Supplied material START

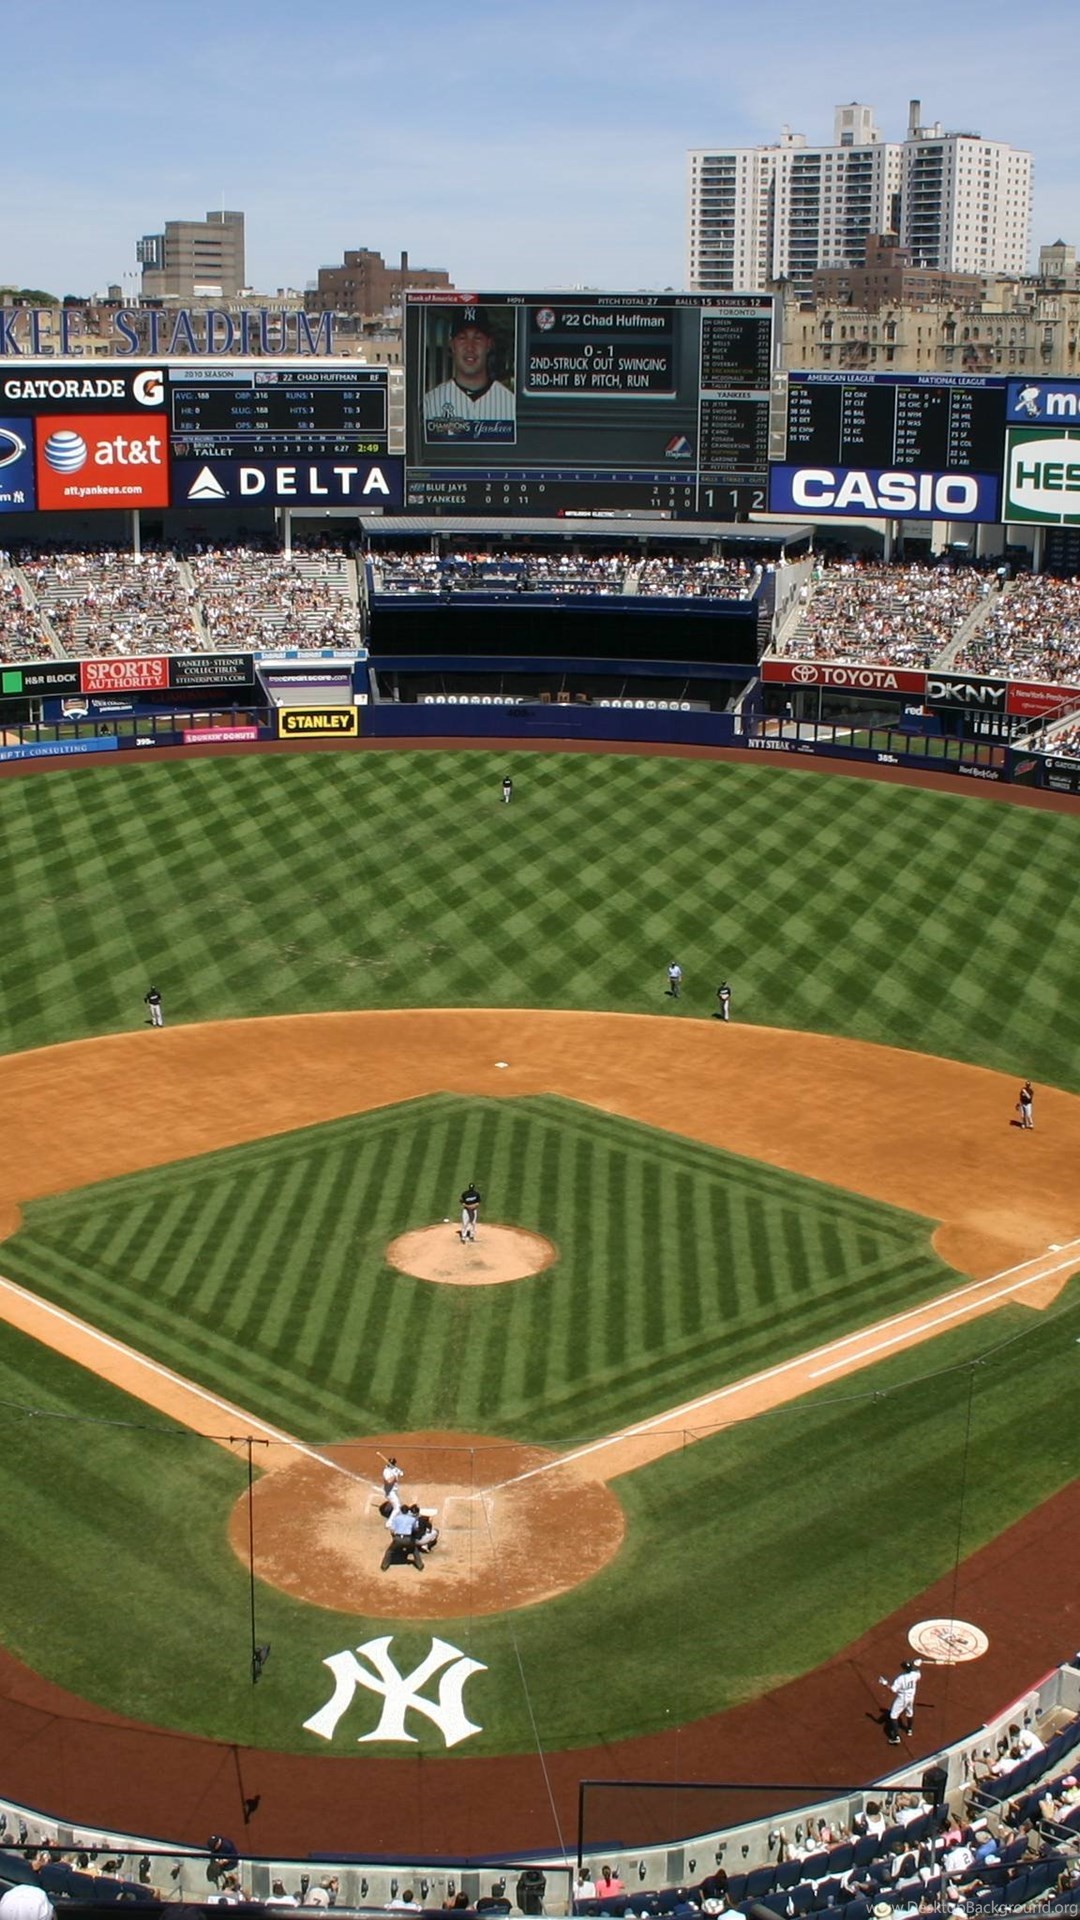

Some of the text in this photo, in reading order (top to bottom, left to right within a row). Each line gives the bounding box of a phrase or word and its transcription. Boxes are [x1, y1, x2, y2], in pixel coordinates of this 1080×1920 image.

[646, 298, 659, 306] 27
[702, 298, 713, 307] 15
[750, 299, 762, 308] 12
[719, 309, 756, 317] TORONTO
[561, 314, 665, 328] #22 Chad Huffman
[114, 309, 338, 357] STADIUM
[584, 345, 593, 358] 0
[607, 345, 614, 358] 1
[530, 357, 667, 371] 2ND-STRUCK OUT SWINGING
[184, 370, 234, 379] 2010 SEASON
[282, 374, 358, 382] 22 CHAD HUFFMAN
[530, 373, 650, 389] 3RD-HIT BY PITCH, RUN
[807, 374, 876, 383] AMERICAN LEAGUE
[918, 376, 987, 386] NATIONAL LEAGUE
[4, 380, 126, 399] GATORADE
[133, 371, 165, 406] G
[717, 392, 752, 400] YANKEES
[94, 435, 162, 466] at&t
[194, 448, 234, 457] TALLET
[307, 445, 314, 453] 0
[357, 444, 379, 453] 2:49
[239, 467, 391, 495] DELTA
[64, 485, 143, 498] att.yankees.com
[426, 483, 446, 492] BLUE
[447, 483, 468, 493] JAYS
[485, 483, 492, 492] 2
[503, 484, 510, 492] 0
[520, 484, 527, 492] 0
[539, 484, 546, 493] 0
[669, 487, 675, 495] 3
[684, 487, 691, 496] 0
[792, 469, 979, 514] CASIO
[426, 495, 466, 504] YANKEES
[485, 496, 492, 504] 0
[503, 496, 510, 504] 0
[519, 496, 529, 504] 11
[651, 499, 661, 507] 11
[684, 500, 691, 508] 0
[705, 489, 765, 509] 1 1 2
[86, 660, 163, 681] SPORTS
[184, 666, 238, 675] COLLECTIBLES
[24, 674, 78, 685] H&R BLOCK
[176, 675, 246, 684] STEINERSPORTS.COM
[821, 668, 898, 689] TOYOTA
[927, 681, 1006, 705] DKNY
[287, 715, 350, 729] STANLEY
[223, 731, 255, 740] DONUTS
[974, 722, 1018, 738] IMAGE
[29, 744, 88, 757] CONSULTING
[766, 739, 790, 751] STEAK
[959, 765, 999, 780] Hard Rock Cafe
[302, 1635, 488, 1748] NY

Supplied material END

§ **Problem**
From the listing above, return each line with the word "LEAGUE".

§ **Result of this exercise**
[807, 374, 876, 383] AMERICAN LEAGUE
[918, 376, 987, 386] NATIONAL LEAGUE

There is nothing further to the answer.